▶ SUPPLIED MATERIAL

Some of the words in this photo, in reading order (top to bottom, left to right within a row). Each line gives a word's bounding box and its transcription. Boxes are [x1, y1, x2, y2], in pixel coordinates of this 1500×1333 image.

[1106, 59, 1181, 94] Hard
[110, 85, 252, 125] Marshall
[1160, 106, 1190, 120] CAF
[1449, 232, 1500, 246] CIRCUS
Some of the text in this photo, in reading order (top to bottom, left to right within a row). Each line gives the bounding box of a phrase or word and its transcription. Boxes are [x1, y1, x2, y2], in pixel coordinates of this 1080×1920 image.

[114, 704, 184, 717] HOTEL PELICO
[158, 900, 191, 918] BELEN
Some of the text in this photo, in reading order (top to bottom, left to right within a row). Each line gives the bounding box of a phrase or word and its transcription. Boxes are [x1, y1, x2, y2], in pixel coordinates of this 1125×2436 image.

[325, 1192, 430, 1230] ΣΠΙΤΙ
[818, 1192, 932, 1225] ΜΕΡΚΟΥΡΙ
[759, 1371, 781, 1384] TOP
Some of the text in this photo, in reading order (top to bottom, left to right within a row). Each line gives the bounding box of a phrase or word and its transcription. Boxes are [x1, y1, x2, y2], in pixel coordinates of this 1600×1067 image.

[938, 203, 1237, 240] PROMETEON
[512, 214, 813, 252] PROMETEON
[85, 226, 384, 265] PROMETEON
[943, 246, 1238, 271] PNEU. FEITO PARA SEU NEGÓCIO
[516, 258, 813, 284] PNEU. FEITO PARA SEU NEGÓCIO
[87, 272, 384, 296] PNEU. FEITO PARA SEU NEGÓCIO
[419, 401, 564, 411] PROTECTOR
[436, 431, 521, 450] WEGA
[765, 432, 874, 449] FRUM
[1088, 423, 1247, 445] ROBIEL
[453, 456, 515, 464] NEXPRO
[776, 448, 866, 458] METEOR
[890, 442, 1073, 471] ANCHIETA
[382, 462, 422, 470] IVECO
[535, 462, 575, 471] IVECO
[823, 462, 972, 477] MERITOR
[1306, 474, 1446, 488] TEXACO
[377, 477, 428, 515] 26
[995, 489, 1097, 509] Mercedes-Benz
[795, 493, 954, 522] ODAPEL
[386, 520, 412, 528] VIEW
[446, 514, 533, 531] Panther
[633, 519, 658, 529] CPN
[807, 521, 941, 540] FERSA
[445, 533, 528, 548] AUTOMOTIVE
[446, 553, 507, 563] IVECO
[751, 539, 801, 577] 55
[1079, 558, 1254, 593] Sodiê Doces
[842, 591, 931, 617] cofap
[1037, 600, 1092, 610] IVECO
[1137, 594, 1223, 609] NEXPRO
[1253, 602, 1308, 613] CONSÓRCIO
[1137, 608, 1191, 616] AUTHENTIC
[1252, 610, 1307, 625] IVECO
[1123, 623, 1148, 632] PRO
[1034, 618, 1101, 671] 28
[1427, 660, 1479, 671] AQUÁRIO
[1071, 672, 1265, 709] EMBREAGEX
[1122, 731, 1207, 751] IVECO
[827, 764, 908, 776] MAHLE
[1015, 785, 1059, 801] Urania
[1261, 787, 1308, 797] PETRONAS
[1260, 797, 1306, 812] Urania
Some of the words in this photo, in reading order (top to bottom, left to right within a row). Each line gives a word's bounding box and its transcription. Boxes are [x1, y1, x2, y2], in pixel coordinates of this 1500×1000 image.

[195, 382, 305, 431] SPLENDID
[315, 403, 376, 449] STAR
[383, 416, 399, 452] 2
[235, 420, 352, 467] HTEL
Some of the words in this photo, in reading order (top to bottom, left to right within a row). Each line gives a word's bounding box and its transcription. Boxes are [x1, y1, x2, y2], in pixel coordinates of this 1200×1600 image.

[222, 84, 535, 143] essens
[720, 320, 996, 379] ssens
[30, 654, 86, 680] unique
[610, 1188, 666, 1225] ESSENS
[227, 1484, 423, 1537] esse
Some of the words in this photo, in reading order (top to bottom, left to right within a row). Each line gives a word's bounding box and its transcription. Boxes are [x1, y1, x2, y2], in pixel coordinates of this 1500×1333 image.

▶ WHAT TO WORK ON
A word-for-word copy of all the material is the required answer.

▶ REPLY
Some of the words in this photo, in reading order (top to bottom, left to right within a row). Each line gives a word's bounding box and its transcription. Boxes are [x1, y1, x2, y2], in pixel coordinates of this 1500×1333 image.

[1106, 59, 1181, 94] Hard
[110, 85, 252, 125] Marshall
[1160, 106, 1190, 120] CAF
[1449, 232, 1500, 246] CIRCUS
Some of the text in this photo, in reading order (top to bottom, left to right within a row). Each line gives the bounding box of a phrase or word and its transcription. Boxes are [x1, y1, x2, y2], in pixel coordinates of this 1080×1920 image.

[114, 704, 184, 717] HOTEL PELICO
[158, 900, 191, 918] BELEN
Some of the text in this photo, in reading order (top to bottom, left to right within a row). Each line gives the bounding box of a phrase or word and its transcription. Boxes are [x1, y1, x2, y2], in pixel coordinates of this 1125×2436 image.

[325, 1192, 430, 1230] ΣΠΙΤΙ
[818, 1192, 932, 1225] ΜΕΡΚΟΥΡΙ
[759, 1371, 781, 1384] TOP
Some of the text in this photo, in reading order (top to bottom, left to right within a row). Each line gives the bounding box of a phrase or word and its transcription. Boxes are [x1, y1, x2, y2], in pixel coordinates of this 1600×1067 image.

[938, 203, 1237, 240] PROMETEON
[512, 214, 813, 252] PROMETEON
[85, 226, 384, 265] PROMETEON
[943, 246, 1238, 271] PNEU. FEITO PARA SEU NEGÓCIO
[516, 258, 813, 284] PNEU. FEITO PARA SEU NEGÓCIO
[87, 272, 384, 296] PNEU. FEITO PARA SEU NEGÓCIO
[419, 401, 564, 411] PROTECTOR
[436, 431, 521, 450] WEGA
[765, 432, 874, 449] FRUM
[1088, 423, 1247, 445] ROBIEL
[453, 456, 515, 464] NEXPRO
[776, 448, 866, 458] METEOR
[890, 442, 1073, 471] ANCHIETA
[382, 462, 422, 470] IVECO
[535, 462, 575, 471] IVECO
[823, 462, 972, 477] MERITOR
[1306, 474, 1446, 488] TEXACO
[377, 477, 428, 515] 26
[995, 489, 1097, 509] Mercedes-Benz
[795, 493, 954, 522] ODAPEL
[386, 520, 412, 528] VIEW
[446, 514, 533, 531] Panther
[633, 519, 658, 529] CPN
[807, 521, 941, 540] FERSA
[445, 533, 528, 548] AUTOMOTIVE
[446, 553, 507, 563] IVECO
[751, 539, 801, 577] 55
[1079, 558, 1254, 593] Sodiê Doces
[842, 591, 931, 617] cofap
[1037, 600, 1092, 610] IVECO
[1137, 594, 1223, 609] NEXPRO
[1253, 602, 1308, 613] CONSÓRCIO
[1137, 608, 1191, 616] AUTHENTIC
[1252, 610, 1307, 625] IVECO
[1123, 623, 1148, 632] PRO
[1034, 618, 1101, 671] 28
[1427, 660, 1479, 671] AQUÁRIO
[1071, 672, 1265, 709] EMBREAGEX
[1122, 731, 1207, 751] IVECO
[827, 764, 908, 776] MAHLE
[1015, 785, 1059, 801] Urania
[1261, 787, 1308, 797] PETRONAS
[1260, 797, 1306, 812] Urania
Some of the words in this photo, in reading order (top to bottom, left to right within a row). Each line gives a word's bounding box and its transcription. Boxes are [x1, y1, x2, y2], in pixel coordinates of this 1500×1000 image.

[195, 382, 305, 431] SPLENDID
[315, 403, 376, 449] STAR
[383, 416, 399, 452] 2
[235, 420, 352, 467] HTEL
Some of the words in this photo, in reading order (top to bottom, left to right within a row). Each line gives a word's bounding box and its transcription. Boxes are [x1, y1, x2, y2], in pixel coordinates of this 1200×1600 image.

[222, 84, 535, 143] essens
[720, 320, 996, 379] ssens
[30, 654, 86, 680] unique
[610, 1188, 666, 1225] ESSENS
[227, 1484, 423, 1537] esse
Some of the words in this photo, in reading order (top to bottom, left to right within a row). Each line gives a word's bounding box and its transcription. Boxes are [x1, y1, x2, y2], in pixel coordinates of this 1500×1333 image.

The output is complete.